A Cruising Guide to the Thames – H.S.Coleman
A few days ago I was listening to a friend despairing at the bad behaviour of a small group of river users, “People just don’t know how to behave any longer” he intoned. It led me to wonder whether things were any better in a previous age? So I dug out a guide to navigating the Thames, published around 60 years ago.
Turning the cover, instead of a frontispiece there is a list of early closing days from Kingston to Oxford – well that’s certainly different! The foreword described the book as providing an understanding of river conventions and conduct for the novice… and for the older hand who might like to refresh their skills.
The small soft-cover book offers practical advice on how to enjoy the river safely; terminology, boat handling, knots and so forth are all dealt with in a way that would be familiar to today’s boater. However, as you read there are the occasional glimpses of a frustration, not dissimilar to that which I was listening to the other night.
The problem is that nautical matters can never be emphatically defined as right or wrong, inevitably there is much left to the interpretation of the practitioner, each of whom may approach each question from quite a different viewpoint – fisherman, motor boat skipper, sailor, lock keeper, competitive rower…

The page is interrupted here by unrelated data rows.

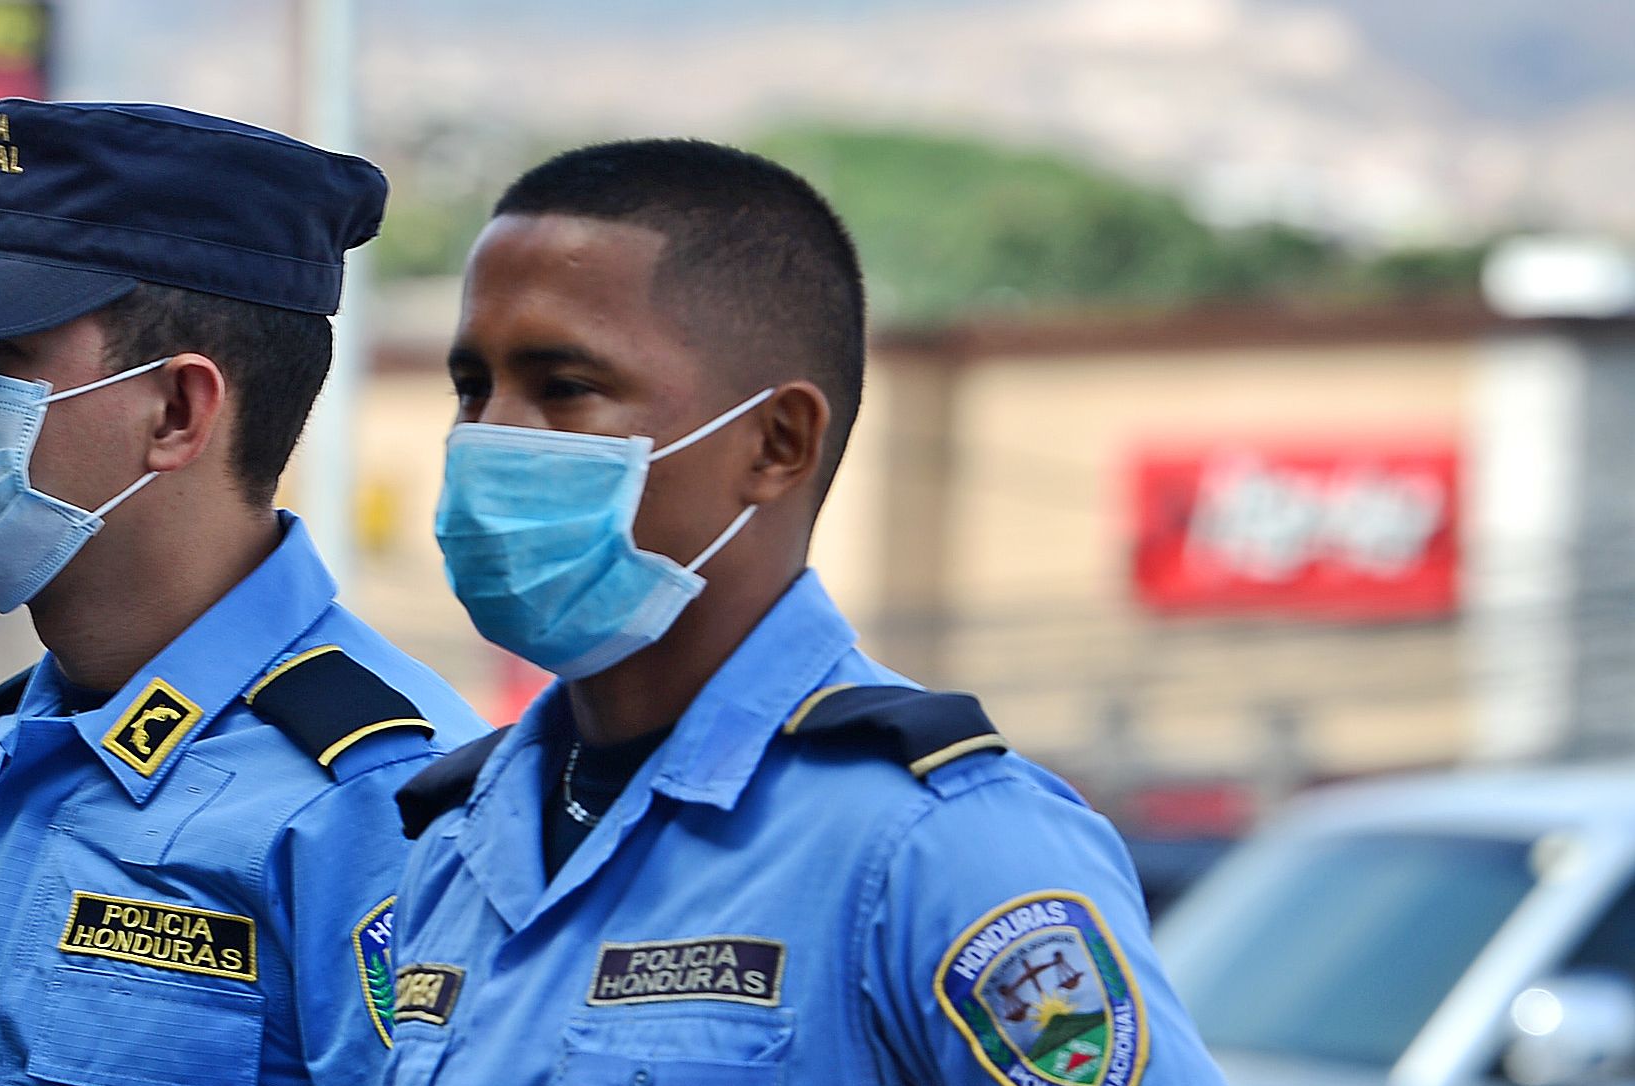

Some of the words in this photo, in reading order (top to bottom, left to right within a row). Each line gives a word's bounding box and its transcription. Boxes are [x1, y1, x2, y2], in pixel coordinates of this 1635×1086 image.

[101, 904, 214, 943] POLICIA
[952, 900, 1069, 981] HONDURAS
[73, 925, 243, 971] HONDURAS
[627, 944, 738, 972] POLICIA
[599, 966, 767, 997] HONDURAS

The subtlety of this interpretation of the rules, is aptly illustrated in the drawings below – swamp those nicely behaved picnicking couples and you will be at fault, because you are to blame for being inconsiderate. Swamp the inattentive smoker, whose freeboard is far too low for his own safety and you will still be to blame, but it won’t be your fault!….
Meanwhile, our author switches his attention to swimmers, where clearly he has some ‘previous’.
“The complete imbecility of some of these bathers is incredible.” he writes, going on to describe swimmers crossing his bows, grabbing the stern above the propeller and as a result of these antics panicking as his boat looms over them. For some reason this causes them to lift their arms up and disappear under the water! Whilst that sounds very graceful, he advises us that this leads to an average of two or three drownings every year.
He goes on, “…a drowning would not be your fault, but it would be an unpleasant happening, the possibility of which you may want to avoid.” (!)
Nothing much changes it seems, except half-day closing seems to have gone!